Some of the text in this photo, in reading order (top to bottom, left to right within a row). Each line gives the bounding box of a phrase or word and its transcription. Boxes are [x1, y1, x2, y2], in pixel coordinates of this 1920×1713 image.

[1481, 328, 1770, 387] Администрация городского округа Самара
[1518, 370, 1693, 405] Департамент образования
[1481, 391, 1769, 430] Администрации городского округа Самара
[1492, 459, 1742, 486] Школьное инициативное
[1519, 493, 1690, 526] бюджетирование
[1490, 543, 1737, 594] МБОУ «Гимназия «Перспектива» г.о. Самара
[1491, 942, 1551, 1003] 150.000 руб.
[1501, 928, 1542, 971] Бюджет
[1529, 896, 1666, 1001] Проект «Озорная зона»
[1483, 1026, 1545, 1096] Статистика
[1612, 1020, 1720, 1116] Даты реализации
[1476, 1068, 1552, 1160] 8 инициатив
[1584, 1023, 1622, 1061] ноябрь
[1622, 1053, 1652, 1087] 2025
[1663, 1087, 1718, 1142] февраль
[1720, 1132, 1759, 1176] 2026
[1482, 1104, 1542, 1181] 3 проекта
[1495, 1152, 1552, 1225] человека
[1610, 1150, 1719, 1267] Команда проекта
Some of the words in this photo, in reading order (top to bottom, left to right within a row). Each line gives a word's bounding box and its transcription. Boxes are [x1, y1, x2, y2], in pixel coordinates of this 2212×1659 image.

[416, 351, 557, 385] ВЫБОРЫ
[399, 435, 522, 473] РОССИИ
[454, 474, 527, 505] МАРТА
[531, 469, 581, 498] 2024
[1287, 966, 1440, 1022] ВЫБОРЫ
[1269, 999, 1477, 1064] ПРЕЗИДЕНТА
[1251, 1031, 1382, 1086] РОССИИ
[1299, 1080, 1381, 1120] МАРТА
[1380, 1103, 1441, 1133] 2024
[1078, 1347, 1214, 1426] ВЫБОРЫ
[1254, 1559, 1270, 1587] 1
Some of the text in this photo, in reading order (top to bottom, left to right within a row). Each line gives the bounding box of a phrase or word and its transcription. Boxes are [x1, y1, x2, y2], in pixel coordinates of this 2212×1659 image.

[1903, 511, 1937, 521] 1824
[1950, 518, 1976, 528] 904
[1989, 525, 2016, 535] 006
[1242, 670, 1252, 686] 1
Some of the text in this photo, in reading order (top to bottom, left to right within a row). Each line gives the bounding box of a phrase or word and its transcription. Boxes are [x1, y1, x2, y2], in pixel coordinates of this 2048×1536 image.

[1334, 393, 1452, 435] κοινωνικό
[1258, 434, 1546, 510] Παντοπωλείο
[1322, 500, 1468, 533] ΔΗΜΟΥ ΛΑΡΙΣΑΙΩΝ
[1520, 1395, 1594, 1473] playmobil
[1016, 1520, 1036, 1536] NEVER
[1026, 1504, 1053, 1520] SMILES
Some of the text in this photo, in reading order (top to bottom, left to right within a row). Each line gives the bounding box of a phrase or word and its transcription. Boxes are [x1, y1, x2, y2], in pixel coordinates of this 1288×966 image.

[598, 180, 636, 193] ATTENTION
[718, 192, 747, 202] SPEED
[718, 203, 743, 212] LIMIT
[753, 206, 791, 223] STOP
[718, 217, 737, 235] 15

**Work to complete**
Please reproduce all of the records exactly as they stand.

**Written reply**
Some of the text in this photo, in reading order (top to bottom, left to right within a row). Each line gives the bounding box of a phrase or word and its transcription. Boxes are [x1, y1, x2, y2], in pixel coordinates of this 1920×1713 image.

[1481, 328, 1770, 387] Администрация городского округа Самара
[1518, 370, 1693, 405] Департамент образования
[1481, 391, 1769, 430] Администрации городского округа Самара
[1492, 459, 1742, 486] Школьное инициативное
[1519, 493, 1690, 526] бюджетирование
[1490, 543, 1737, 594] МБОУ «Гимназия «Перспектива» г.о. Самара
[1491, 942, 1551, 1003] 150.000 руб.
[1501, 928, 1542, 971] Бюджет
[1529, 896, 1666, 1001] Проект «Озорная зона»
[1483, 1026, 1545, 1096] Статистика
[1612, 1020, 1720, 1116] Даты реализации
[1476, 1068, 1552, 1160] 8 инициатив
[1584, 1023, 1622, 1061] ноябрь
[1622, 1053, 1652, 1087] 2025
[1663, 1087, 1718, 1142] февраль
[1720, 1132, 1759, 1176] 2026
[1482, 1104, 1542, 1181] 3 проекта
[1495, 1152, 1552, 1225] человека
[1610, 1150, 1719, 1267] Команда проекта
Some of the words in this photo, in reading order (top to bottom, left to right within a row). Each line gives a word's bounding box and its transcription. Boxes are [x1, y1, x2, y2], in pixel coordinates of this 2212×1659 image.

[416, 351, 557, 385] ВЫБОРЫ
[399, 435, 522, 473] РОССИИ
[454, 474, 527, 505] МАРТА
[531, 469, 581, 498] 2024
[1287, 966, 1440, 1022] ВЫБОРЫ
[1269, 999, 1477, 1064] ПРЕЗИДЕНТА
[1251, 1031, 1382, 1086] РОССИИ
[1299, 1080, 1381, 1120] МАРТА
[1380, 1103, 1441, 1133] 2024
[1078, 1347, 1214, 1426] ВЫБОРЫ
[1254, 1559, 1270, 1587] 1
Some of the text in this photo, in reading order (top to bottom, left to right within a row). Each line gives the bounding box of a phrase or word and its transcription. Boxes are [x1, y1, x2, y2], in pixel coordinates of this 2212×1659 image.

[1903, 511, 1937, 521] 1824
[1950, 518, 1976, 528] 904
[1989, 525, 2016, 535] 006
[1242, 670, 1252, 686] 1
Some of the text in this photo, in reading order (top to bottom, left to right within a row). Each line gives the bounding box of a phrase or word and its transcription. Boxes are [x1, y1, x2, y2], in pixel coordinates of this 2048×1536 image.

[1334, 393, 1452, 435] κοινωνικό
[1258, 434, 1546, 510] Παντοπωλείο
[1322, 500, 1468, 533] ΔΗΜΟΥ ΛΑΡΙΣΑΙΩΝ
[1520, 1395, 1594, 1473] playmobil
[1016, 1520, 1036, 1536] NEVER
[1026, 1504, 1053, 1520] SMILES
Some of the text in this photo, in reading order (top to bottom, left to right within a row). Each line gives the bounding box of a phrase or word and its transcription. Boxes are [x1, y1, x2, y2], in pixel coordinates of this 1288×966 image.

[598, 180, 636, 193] ATTENTION
[718, 192, 747, 202] SPEED
[718, 203, 743, 212] LIMIT
[753, 206, 791, 223] STOP
[718, 217, 737, 235] 15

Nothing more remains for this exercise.